İyice çığırından çıkan gerici ve yobazların kopardığı şeriat yaygarasının gölgesinde yerel seçime doğru gidiyoruz.
Görünüşte, yerel yöneticileri ve belediye meclis üyelerini, muhtarları seçeceğiz ama gerçek bunun çok ötesinde!.. Ne Anayasa, ne AYM, ne de Anayasa’nın değişmez maddesi olan ‘Türkiye’nin yönetim şekli Cumhuriyet’tir, laik, sosyal hukuk devletidir’ ifadelerine rağmen bu ülkede rejimi değiştirmek isteyenler ve bunlara geçit veren yönetim zihniyetine karşı verilen mücadelenin bir parçasıdır bu yerel seçim. Herkes bunu böyle bilsin!
Bekliyoruz ve istiyoruz ki asıl muhalefet bu tehlikenin farkına varsın, iç çekişmelere, ego savaşlarına örtülü iktidar destekçiliğine son verip ‘görevimiz önce ülkeyi bunlardan kurtarmak, gerisi teferruat’ diyebilsin!.. Peki gördüğümüz ne? Liste savaşları, adaylık kavgaları, şimdiden yapılan kurultay hesapları, muhalefet partileri arasındaki tepişme! Bunların hepsini ellerini ovuşturarak izleyen bir iktidar…
Zaten ağır yaşam koşulları işsizlik, yoksulluk enflasyonla baş etmeye çalışıp ayakta ve hayatta kalmaya çalışan halkın bu tablo karşısındaki duruşu ve tavrı nasıl tezahür ediyor derseniz… Halk siyaset kurumundan beklentisini kaybetmiş durumda, bir umut ve heyecan hissetmiyor. Yerel seçimleri ne yazık ki bir umut olarak görmüyor, göremiyor.
Belki de tarihin katılımı en düşük seçimini yaşayacağız ve sandığa gitmeyenlerin önemli bir bölümünü muhalefet seçmeni oluşturacak. Şurada sayılı gün kaldı, özellikle CHP; seçmenini ikna edip sandığa götürmek zorunda.
Bu seçimlere en zor koşullarda giren partinin CHP olduğu kuşkusuz. Sadece seçmeninin sandığa gitme isteksizliği değil sorun. Tüm muhalefet partileri CHP’ye seçim kaybettirmek için kolları sıvamış durumda. İP baştan beri ipleri kopardı, kin, nefret ve öfke politikasıyla sadece CHP’ye yükleniyor; iktidar için çalışıyor. Dem deseniz; başta büyük şehirler; CHP adaylarına gidecek oyları bölme peşinde; neyin hesabı, hangi vaatlerin karşılığında bilinmez ama iktidarın ekmeğine sadece yağ değil bal da sürüyor.

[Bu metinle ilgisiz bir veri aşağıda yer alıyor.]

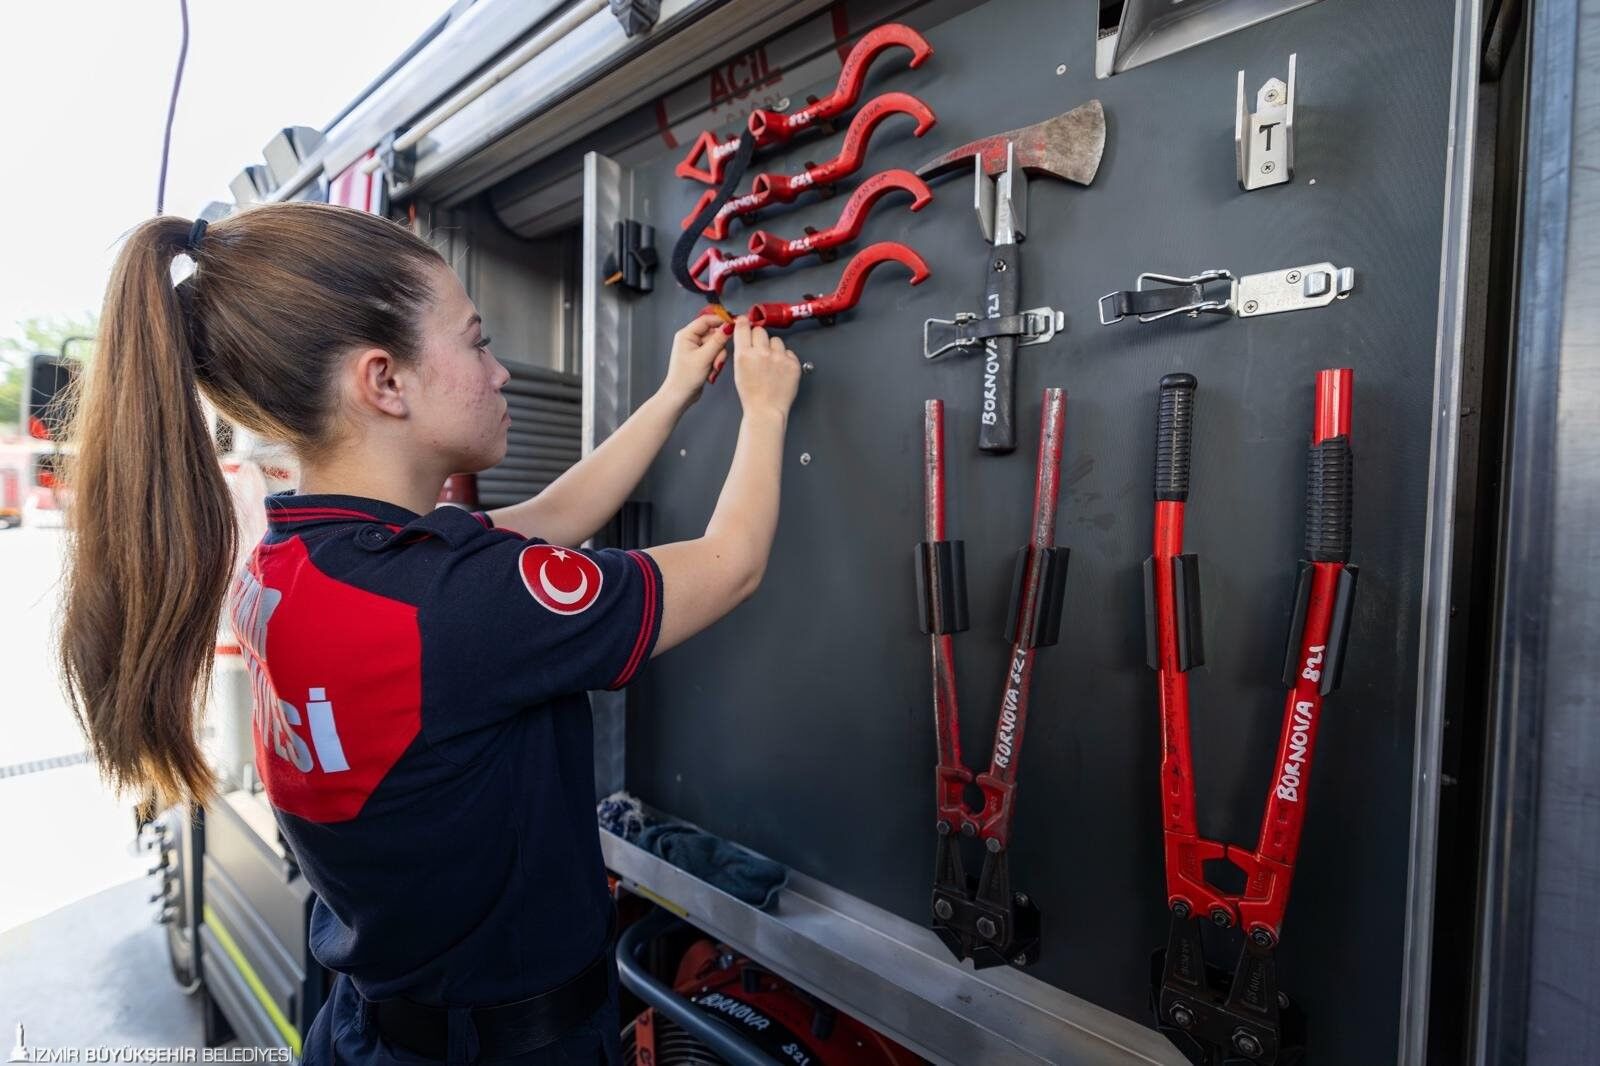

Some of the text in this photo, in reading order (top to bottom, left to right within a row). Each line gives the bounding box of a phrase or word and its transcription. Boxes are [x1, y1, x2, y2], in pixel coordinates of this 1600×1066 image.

Diyeceksiniz ki, CHP kendi içindeki hır gürle partiye en büyük zararı kendileri vermiyor mu? Evet, adaylıklar, listeler savaşı derken yıpratıyorlar, dozu kaçırıyorlar ama iktidar partilerinde bu çekişme olmuyor mu? Orada da koltuk kavgaları oluyor ama AKP ve MHP tek adam sultasında yönetilen yapılar; kimsenin sesi gür çıkamıyor. CHP ise, bildiğin transparan! Ne varsa ortada yaşanıyor. Bu demokrasi mi orası tartışılır ama dışarıya yansıyan görüntü ‘koltuk kavgası’ oluyor. Parti içindeki ‘seçim kaybedilsin de Kurultay’a gidelim’cileri hiç saymıyorum bile…
Bu zor koşullarda CHP eğer seçmenini ikna eder, sandığa taşır ve yerel seçimde başarı sağlarsa gerçekten tarih yazar; kaybederse bu kadar çok cephede savaşmanın ağır bedelini yaşar. Kaybeden sadece CHP olmaz, ülke de kaybeder.